Source data:
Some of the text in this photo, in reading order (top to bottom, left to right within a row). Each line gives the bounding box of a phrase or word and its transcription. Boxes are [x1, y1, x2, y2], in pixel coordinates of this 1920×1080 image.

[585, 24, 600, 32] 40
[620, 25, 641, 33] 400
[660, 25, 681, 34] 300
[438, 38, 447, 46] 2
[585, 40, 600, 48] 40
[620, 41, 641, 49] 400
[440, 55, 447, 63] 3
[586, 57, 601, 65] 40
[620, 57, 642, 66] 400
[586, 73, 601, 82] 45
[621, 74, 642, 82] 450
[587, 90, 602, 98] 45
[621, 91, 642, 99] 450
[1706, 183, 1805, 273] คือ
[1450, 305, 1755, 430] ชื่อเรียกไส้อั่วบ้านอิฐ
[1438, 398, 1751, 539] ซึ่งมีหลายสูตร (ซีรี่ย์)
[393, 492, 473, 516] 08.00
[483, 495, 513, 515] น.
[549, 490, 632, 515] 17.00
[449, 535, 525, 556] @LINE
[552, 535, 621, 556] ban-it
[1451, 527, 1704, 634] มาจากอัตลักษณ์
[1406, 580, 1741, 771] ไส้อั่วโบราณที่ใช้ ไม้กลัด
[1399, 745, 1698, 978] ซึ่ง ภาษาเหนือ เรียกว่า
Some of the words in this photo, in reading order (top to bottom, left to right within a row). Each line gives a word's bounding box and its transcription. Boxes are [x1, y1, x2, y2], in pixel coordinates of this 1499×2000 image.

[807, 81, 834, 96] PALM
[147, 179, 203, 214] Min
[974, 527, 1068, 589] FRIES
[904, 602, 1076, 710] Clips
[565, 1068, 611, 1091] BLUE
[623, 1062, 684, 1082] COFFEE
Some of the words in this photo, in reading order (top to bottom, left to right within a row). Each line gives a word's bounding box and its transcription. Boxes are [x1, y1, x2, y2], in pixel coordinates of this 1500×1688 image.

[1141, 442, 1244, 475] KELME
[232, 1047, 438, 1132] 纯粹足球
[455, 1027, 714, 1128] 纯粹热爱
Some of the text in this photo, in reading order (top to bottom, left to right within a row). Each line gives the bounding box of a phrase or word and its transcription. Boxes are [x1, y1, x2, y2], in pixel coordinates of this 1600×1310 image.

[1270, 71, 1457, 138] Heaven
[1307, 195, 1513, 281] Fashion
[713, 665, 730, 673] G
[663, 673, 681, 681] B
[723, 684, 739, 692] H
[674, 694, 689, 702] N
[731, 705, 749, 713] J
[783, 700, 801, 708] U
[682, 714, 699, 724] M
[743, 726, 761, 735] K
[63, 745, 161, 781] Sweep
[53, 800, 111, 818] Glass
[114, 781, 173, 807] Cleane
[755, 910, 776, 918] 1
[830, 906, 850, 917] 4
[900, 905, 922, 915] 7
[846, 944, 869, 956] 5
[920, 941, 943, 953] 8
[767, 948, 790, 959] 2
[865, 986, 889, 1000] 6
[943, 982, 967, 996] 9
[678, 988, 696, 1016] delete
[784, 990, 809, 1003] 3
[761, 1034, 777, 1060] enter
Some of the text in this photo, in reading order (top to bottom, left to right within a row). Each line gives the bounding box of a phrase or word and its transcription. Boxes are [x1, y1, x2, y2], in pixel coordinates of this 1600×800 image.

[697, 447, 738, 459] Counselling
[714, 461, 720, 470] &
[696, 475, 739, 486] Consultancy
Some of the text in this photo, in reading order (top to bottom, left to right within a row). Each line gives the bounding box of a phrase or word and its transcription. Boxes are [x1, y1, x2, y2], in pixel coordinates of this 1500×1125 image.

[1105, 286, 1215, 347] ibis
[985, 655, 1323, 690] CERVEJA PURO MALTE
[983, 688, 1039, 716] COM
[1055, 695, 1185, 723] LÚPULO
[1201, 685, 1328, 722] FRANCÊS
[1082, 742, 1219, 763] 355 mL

Exercise —
All entries shown above should be duplicated without a single difference.

Finished exercise —
Some of the text in this photo, in reading order (top to bottom, left to right within a row). Each line gives the bounding box of a phrase or word and its transcription. Boxes are [x1, y1, x2, y2], in pixel coordinates of this 1920×1080 image.

[585, 24, 600, 32] 40
[620, 25, 641, 33] 400
[660, 25, 681, 34] 300
[438, 38, 447, 46] 2
[585, 40, 600, 48] 40
[620, 41, 641, 49] 400
[440, 55, 447, 63] 3
[586, 57, 601, 65] 40
[620, 57, 642, 66] 400
[586, 73, 601, 82] 45
[621, 74, 642, 82] 450
[587, 90, 602, 98] 45
[621, 91, 642, 99] 450
[1706, 183, 1805, 273] คือ
[1450, 305, 1755, 430] ชื่อเรียกไส้อั่วบ้านอิฐ
[1438, 398, 1751, 539] ซึ่งมีหลายสูตร (ซีรี่ย์)
[393, 492, 473, 516] 08.00
[483, 495, 513, 515] น.
[549, 490, 632, 515] 17.00
[449, 535, 525, 556] @LINE
[552, 535, 621, 556] ban-it
[1451, 527, 1704, 634] มาจากอัตลักษณ์
[1406, 580, 1741, 771] ไส้อั่วโบราณที่ใช้ ไม้กลัด
[1399, 745, 1698, 978] ซึ่ง ภาษาเหนือ เรียกว่า
Some of the words in this photo, in reading order (top to bottom, left to right within a row). Each line gives a word's bounding box and its transcription. Boxes are [x1, y1, x2, y2], in pixel coordinates of this 1499×2000 image.

[807, 81, 834, 96] PALM
[147, 179, 203, 214] Min
[974, 527, 1068, 589] FRIES
[904, 602, 1076, 710] Clips
[565, 1068, 611, 1091] BLUE
[623, 1062, 684, 1082] COFFEE
Some of the words in this photo, in reading order (top to bottom, left to right within a row). Each line gives a word's bounding box and its transcription. Boxes are [x1, y1, x2, y2], in pixel coordinates of this 1500×1688 image.

[1141, 442, 1244, 475] KELME
[232, 1047, 438, 1132] 纯粹足球
[455, 1027, 714, 1128] 纯粹热爱
Some of the text in this photo, in reading order (top to bottom, left to right within a row). Each line gives the bounding box of a phrase or word and its transcription. Boxes are [x1, y1, x2, y2], in pixel coordinates of this 1600×1310 image.

[1270, 71, 1457, 138] Heaven
[1307, 195, 1513, 281] Fashion
[713, 665, 730, 673] G
[663, 673, 681, 681] B
[723, 684, 739, 692] H
[674, 694, 689, 702] N
[731, 705, 749, 713] J
[783, 700, 801, 708] U
[682, 714, 699, 724] M
[743, 726, 761, 735] K
[63, 745, 161, 781] Sweep
[53, 800, 111, 818] Glass
[114, 781, 173, 807] Cleane
[755, 910, 776, 918] 1
[830, 906, 850, 917] 4
[900, 905, 922, 915] 7
[846, 944, 869, 956] 5
[920, 941, 943, 953] 8
[767, 948, 790, 959] 2
[865, 986, 889, 1000] 6
[943, 982, 967, 996] 9
[678, 988, 696, 1016] delete
[784, 990, 809, 1003] 3
[761, 1034, 777, 1060] enter
Some of the text in this photo, in reading order (top to bottom, left to right within a row). Each line gives the bounding box of a phrase or word and its transcription. Boxes are [x1, y1, x2, y2], in pixel coordinates of this 1600×800 image.

[697, 447, 738, 459] Counselling
[714, 461, 720, 470] &
[696, 475, 739, 486] Consultancy
Some of the text in this photo, in reading order (top to bottom, left to right within a row). Each line gives the bounding box of a phrase or word and its transcription. Boxes are [x1, y1, x2, y2], in pixel coordinates of this 1500×1125 image.

[1105, 286, 1215, 347] ibis
[985, 655, 1323, 690] CERVEJA PURO MALTE
[983, 688, 1039, 716] COM
[1055, 695, 1185, 723] LÚPULO
[1201, 685, 1328, 722] FRANCÊS
[1082, 742, 1219, 763] 355 mL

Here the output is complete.